Return again to Hope and Joy

“‘Dear Lord God, I wish to preach in your honor. I wish to speak about you, glorify you, praise your name. Although I can’t do this well of myself, I pray that you may make it good.’”[1]

Introduction

For the past few months, an over-arching feeling has pervaded human life: existential fatigue. It doesn’t matter what you believe and theologically hold to or what you don’t; it doesn’t matter what political or philosophical ideology you are aligned with or not; not even your ethical posture in the world can protect you from the pervasive feeling of existential fatigue. We’re exhausted, from head to toe, in every fiber of our being, we are flat-out, 100% exhausted.

I don’t really have a clear and singular answer as to what is causing our existential fatigue, but I have a feeling it has to do with the ever-present fear and anger. It’s exhausting to hate people. It’s exhausting feeling like you are always under threat. It’s exhausting thinking people are out to get you. It’s exhausting to live distrustful, as if everyone is looking to steal something (material and immaterial) from you. It’s exhausting to be shut down, refusing to see the humanity in those whom our local and preferred media sources classify as *the* problem. It’s exhausting because it’s so easy to be led about by the ear and that’s why we’re so exhausted; we’re being pulled every which way, and we’ve forgotten there’s solid ground under our feet and that we have a voice to say ENOUGH.

We’ve lost our hope and joy; we’re practically strangers with curiosity. We’ve sold these down the river because either they feel extravagant right now because everything is on fire or because we’re chasing the carrot of some future oriented hope where our joy rests on the other side of eliminating the problem/s. Rather than expanding our understanding, we’re retracting; rather than asking questions and wondering, we’re curving and curling in like every full stop we use to end our statements.

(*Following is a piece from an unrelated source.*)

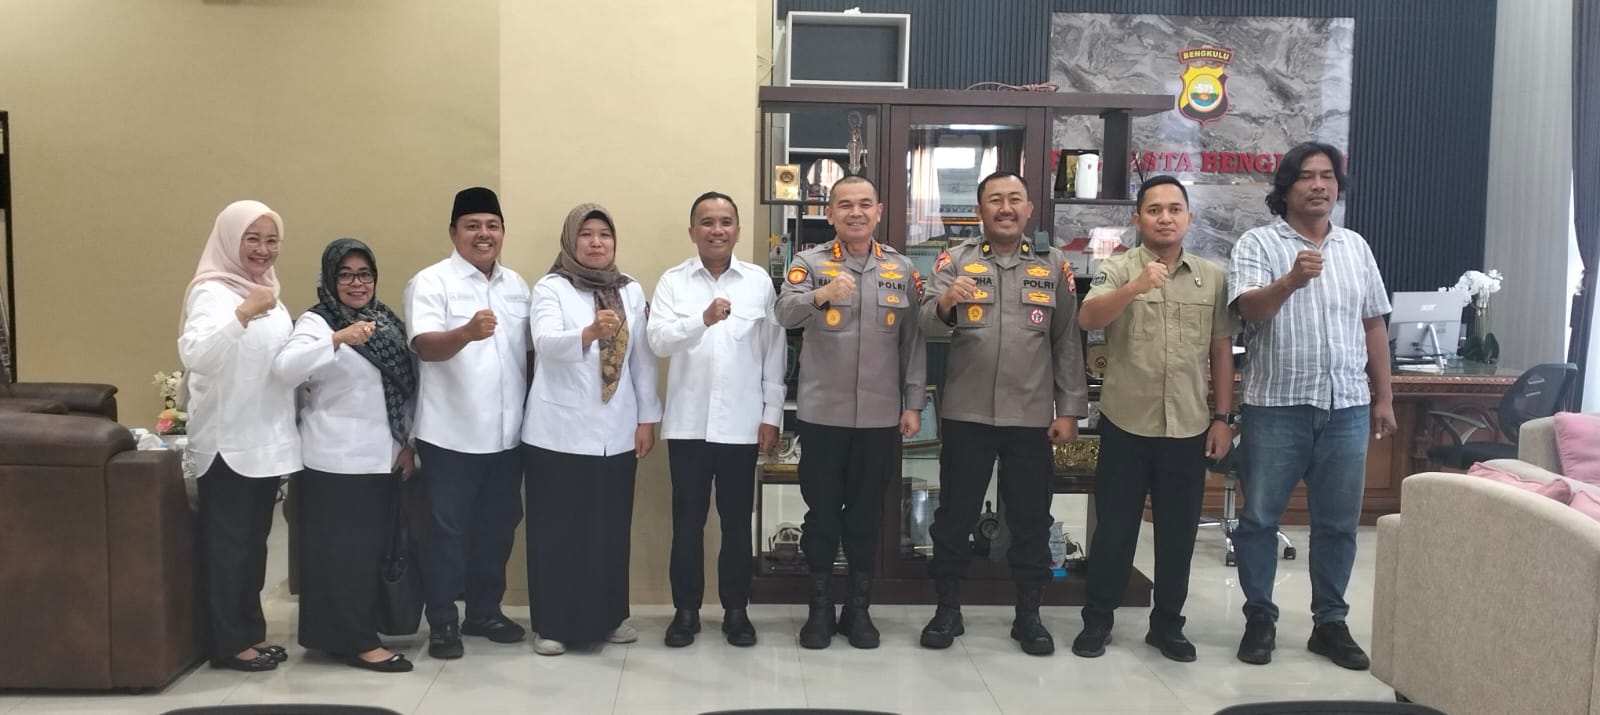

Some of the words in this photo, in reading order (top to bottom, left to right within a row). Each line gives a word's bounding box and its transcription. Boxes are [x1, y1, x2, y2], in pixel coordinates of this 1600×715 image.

But hope and joy are fundamental to our Christian walk and journey and only if they are anchored in Christ and not in things of this world (both false promises and false enemies). This is why Paul writes to the church in Colossae, to keep them focused on what is important—the Gospel—because it’s only in the proclamation of Christ—crucified and raised—where they find the source of their hope and joy, where they can dare to become (yet again) curious.

Colossians 1:1-14

Paul begins with the standard greeting[2] letting the church in Colossae know who he is and who is helping to write this letter, Paul an apostle of Christ Jesus by the will of God and brother Timothy to the holy and faithful siblings in Christ in Colossae; grace and peace to you from God our father (vv1-2). While Paul didn’t really know the Christians in Colossae, they would’ve been familiar with him[3],[4] and would’ve felt the weight of his authority (his apostolic calling by Christ) behind the lines.[5],[6],[7] (Paul’s authority isn’t in title but is from God by God’s gift of grace in the calling.) Timothy is known to Paul[8] (bff[9]) but not (necessarily) known to the Colossians, thus, we can assume that Timothy had a hand in writing this letter[10] and that’s why he shows up in the greeting.[11] We can also assume that Paul (and Timothy) were eager to include—via writing—the Colossian Christians into their spiritual[12] family of faith by calling them both the holy and faithful ones, siblings.[13] Of more importance for Paul was the goal of using this address to “realign” the Colossians away from the lures and false premises and promises of the kingdom of humanity[14] and back toward God; in other words, remember whose you are, say Paul and Timothy.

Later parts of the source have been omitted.